Try this tackle tip. Position the rod sections so that the guides are about 90 degrees offset, then as the the sections are mated, twist the tip section such that as they come together, the guides are lined up properly.
This twisting action insures that they will not separate during use.
Lubricating Rod Ferrules
Rod tips can come off during casting for another reason. When the male section becomes very dry, the tip will work itself free and continually fall off.
The male sections should be lubricated from time to time. Some use paraffin, but it soon wears off. Beeswax is also sometimes used for this task, but tends to be oily and pick up dirt which can crack the ferrule.
Our tip is to use a candle with just enough wax to lube well and not be too tacky. A common solution is to use a birthday cake candle and rub a small amount on the male section of the ferrule from time to time.
Checking the Guides
Ceramic rod guides can get chipped or develop small cracks, which are too small to detect. Such damage can really chew up a fly line so checking for even the tiniest chips or cracks can be critical.
Our tackle tip is draw a Q-Tip thru it. The soft material on the Q-Tip will snag on any cracks or chips.
Rod Reel Seats
Most fly rods use one of two different type of reel seats. The “down-locking” type, and the “up-locking” type.

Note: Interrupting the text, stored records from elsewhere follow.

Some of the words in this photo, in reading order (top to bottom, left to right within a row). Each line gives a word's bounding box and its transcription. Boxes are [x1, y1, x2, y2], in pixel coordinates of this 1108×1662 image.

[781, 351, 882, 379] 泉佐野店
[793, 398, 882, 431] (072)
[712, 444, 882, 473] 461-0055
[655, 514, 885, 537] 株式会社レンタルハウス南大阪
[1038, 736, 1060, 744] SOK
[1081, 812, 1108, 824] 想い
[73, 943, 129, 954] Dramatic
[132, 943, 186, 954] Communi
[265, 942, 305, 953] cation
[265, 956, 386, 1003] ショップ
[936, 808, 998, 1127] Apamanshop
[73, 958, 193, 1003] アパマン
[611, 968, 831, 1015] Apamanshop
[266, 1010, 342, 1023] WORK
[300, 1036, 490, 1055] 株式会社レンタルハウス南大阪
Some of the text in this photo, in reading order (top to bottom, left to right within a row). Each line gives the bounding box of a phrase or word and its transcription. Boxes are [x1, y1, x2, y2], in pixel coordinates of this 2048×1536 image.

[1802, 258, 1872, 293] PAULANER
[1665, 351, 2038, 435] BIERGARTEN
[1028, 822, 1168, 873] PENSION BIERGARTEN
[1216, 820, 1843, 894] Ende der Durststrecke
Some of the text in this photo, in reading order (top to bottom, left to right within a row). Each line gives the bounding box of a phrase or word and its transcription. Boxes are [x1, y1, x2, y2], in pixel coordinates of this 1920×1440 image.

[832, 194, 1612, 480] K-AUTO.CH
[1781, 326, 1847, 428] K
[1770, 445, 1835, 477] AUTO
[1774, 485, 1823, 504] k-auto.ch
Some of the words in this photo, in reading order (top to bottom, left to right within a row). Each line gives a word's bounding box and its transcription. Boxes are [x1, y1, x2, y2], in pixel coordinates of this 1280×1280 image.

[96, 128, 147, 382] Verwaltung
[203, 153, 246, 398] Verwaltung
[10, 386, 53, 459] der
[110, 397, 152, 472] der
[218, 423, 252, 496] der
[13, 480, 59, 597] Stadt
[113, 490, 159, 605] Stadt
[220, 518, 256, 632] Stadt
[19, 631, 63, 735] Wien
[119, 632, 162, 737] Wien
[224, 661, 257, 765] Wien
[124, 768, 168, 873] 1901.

The ‘down-locking reel seat requires the reel mount be inserted downward into the seat and the tightening rings are screwed downward to hold it in place.
The “up-locking” type works just the opposite, with the tightening rings being screwed up from the rod butt to seat the reel.
A good tackle tip is to use the ‘up-locking’ style so that it leaves a short rod butt with which you will have an extended leverage point for fighting those bigger fish, and more importantly, your hands won’t tend to loosen the locking ring when casting.
The most common method of transporting fly rods is to break them down into sections and load them into a hard tube. There are times when you you will find one of the snake guides of your rod is loose after being stored in a rod tube.
The cause for such damage comes from improperly placing the rod in the transport tube. When you drop a section into the tube, the guides may catch on the tube lip, or on the guides of previously loaded rod sections. A good tackle tip is when placing rod sections in a transport tube, be sure to store the sections in a rod bag, then lower the rod gently into the tube without dropping them.
Traveling With Your Rod/s and Equipment
Modern rods are now designed to be broken down into 3 or 4 sections, allowing for shorter rod cases. This in turn allows for taking your rods aboard an airplane as carry-on luggage, so that your tackle will arrive when you do.
A common-sense tip is to select a carrying case that allows for carrying several rods AND reels AND the rest of your tackle. Keeping it together will insure when you arrive, your tackle arrives with you.
How To Carry Your Rod In The Woods
By now, you most likely have learned that carrying your rods in the bush or through the woods most likely will result in a broken rod tip. To avoid this little outing-spoiler, carry your rod with the tip pointing rearwards.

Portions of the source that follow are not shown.